Hong Kong Seafood Market Profile

Market Assessment:

Hong Kong, home to over 7 million people, enjoys a growing and competitive seafood market. Per capita seafood consumption is in excess of 70kg and about four times the global average of 18.9 kg, which makes Hong Kong the second leading seafood consumer in Asia.  Substantial demand exists for all kinds of seafood, ranging from low-price finfish (e.g. croaker and carp) to expensive gourmet delicacies (e.g. abalone and lobster).  Seafood imports are large due to high levels of seafood consumption, a declining domestic fishing industry and because Hong Kong also serves as an important gateway for the distribution of some seafood products into China and the surrounding region.  Ninety-five percent of the seafood consumed in Hong Kong is imported and much of this is consumed in Hong Kong’s vast foodservice industry. About 30-40% of seafood imported into Hong Kong is re-exported to China, Macau, Taiwan and elsewhere.

According to Global Trade Atlas data, Hong Kong seafood imports in 2014 were valued at US$3.2 billion (down 1.17% from 2013).  The U.S. was the fourth major supplier to the market – behind China, Japan and Norway.  In 2014, U.S. market share, by value, for seafood imports was 5.41%.  Hong Kong worldwide imports of same, or market-same, Food Export-Northeast seafood benchmark products, or market same products (lobster, scallops, monkfish, dogfish, and squid), were US$187 million in 2014, down 38% from the prior year.  The U.S., with exports of US$22.1 million in 2014, and a market share of 11%, was the second leading supplier after China.

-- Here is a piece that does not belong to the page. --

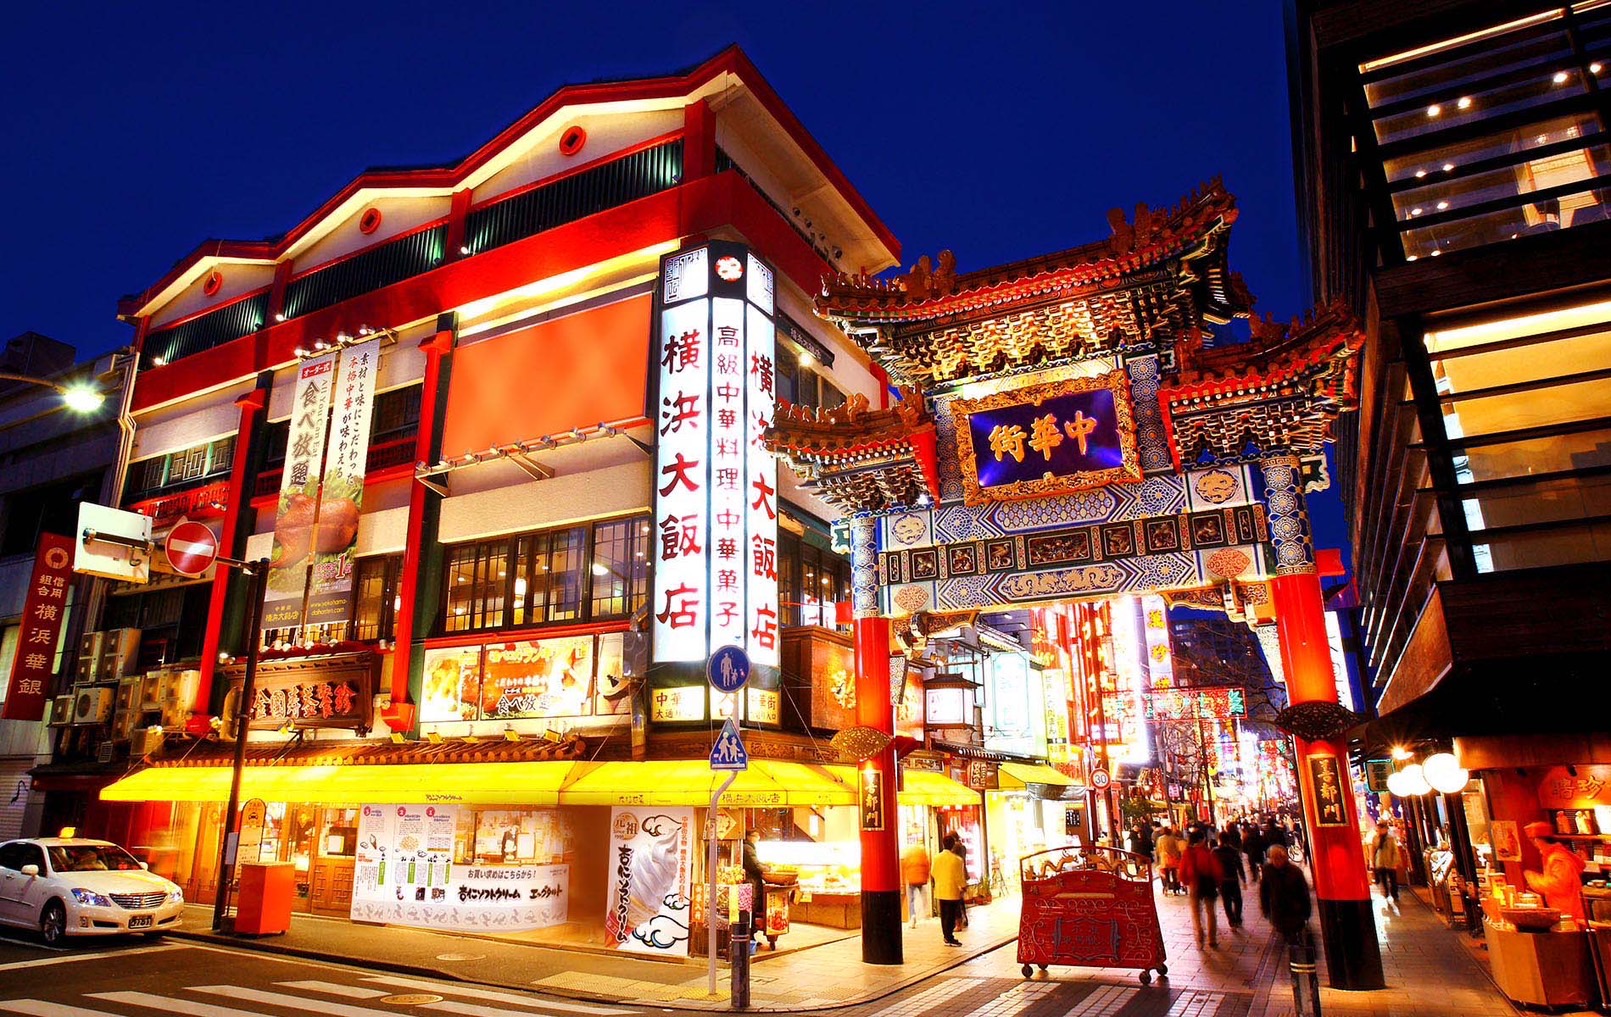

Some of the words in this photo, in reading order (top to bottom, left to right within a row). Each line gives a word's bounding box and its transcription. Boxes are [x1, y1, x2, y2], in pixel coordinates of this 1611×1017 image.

According to FAS trade data, U.S. seafood exports to Hong Kong were 11,268 MT valued at US$152 million in 2015. The volume of U.S. fishery products sold into the market increased by 4% over the prior year and the value of U.S. seafood exports sold into the market increased by 7%.  Lobster species (at US$46.2 million, down 12% in value and down 8% in volume from 2014 sales) were the leading U.S. seafood category.  Clams (at US$27.2 million, up 65% in value), eels (at US$10.4 million, up 32%), conch/whelks (at US$10 million, down 6%), and sablefish (at US$7.8 million, up 32%) rounded out the top five U.S. seafood products sold into the market.  

Food Export-Northeast benchmark seafood products (lobster, scallops, monkfish, dogfish, and squid) accounted for 29.4% of total U.S. seafood exports to Hong Kong in 2015.  Sales of benchmark products totalled US$44.7 million and were up 12% by value over 2014.  In 2015, sales of American lobster to Hong Kong totalled US$41 million - up 13% in value and up 6% in volume over 2014.  Hong Kong was the 4th largest market for American lobster outside North America.  Sales of frozen and processed lobster product forms were dominant (53%) for the first time at US$21.8 million, up US$4 million and 23.5% over 2014.  Sales of live lobster totalled US$19 million (up 4%).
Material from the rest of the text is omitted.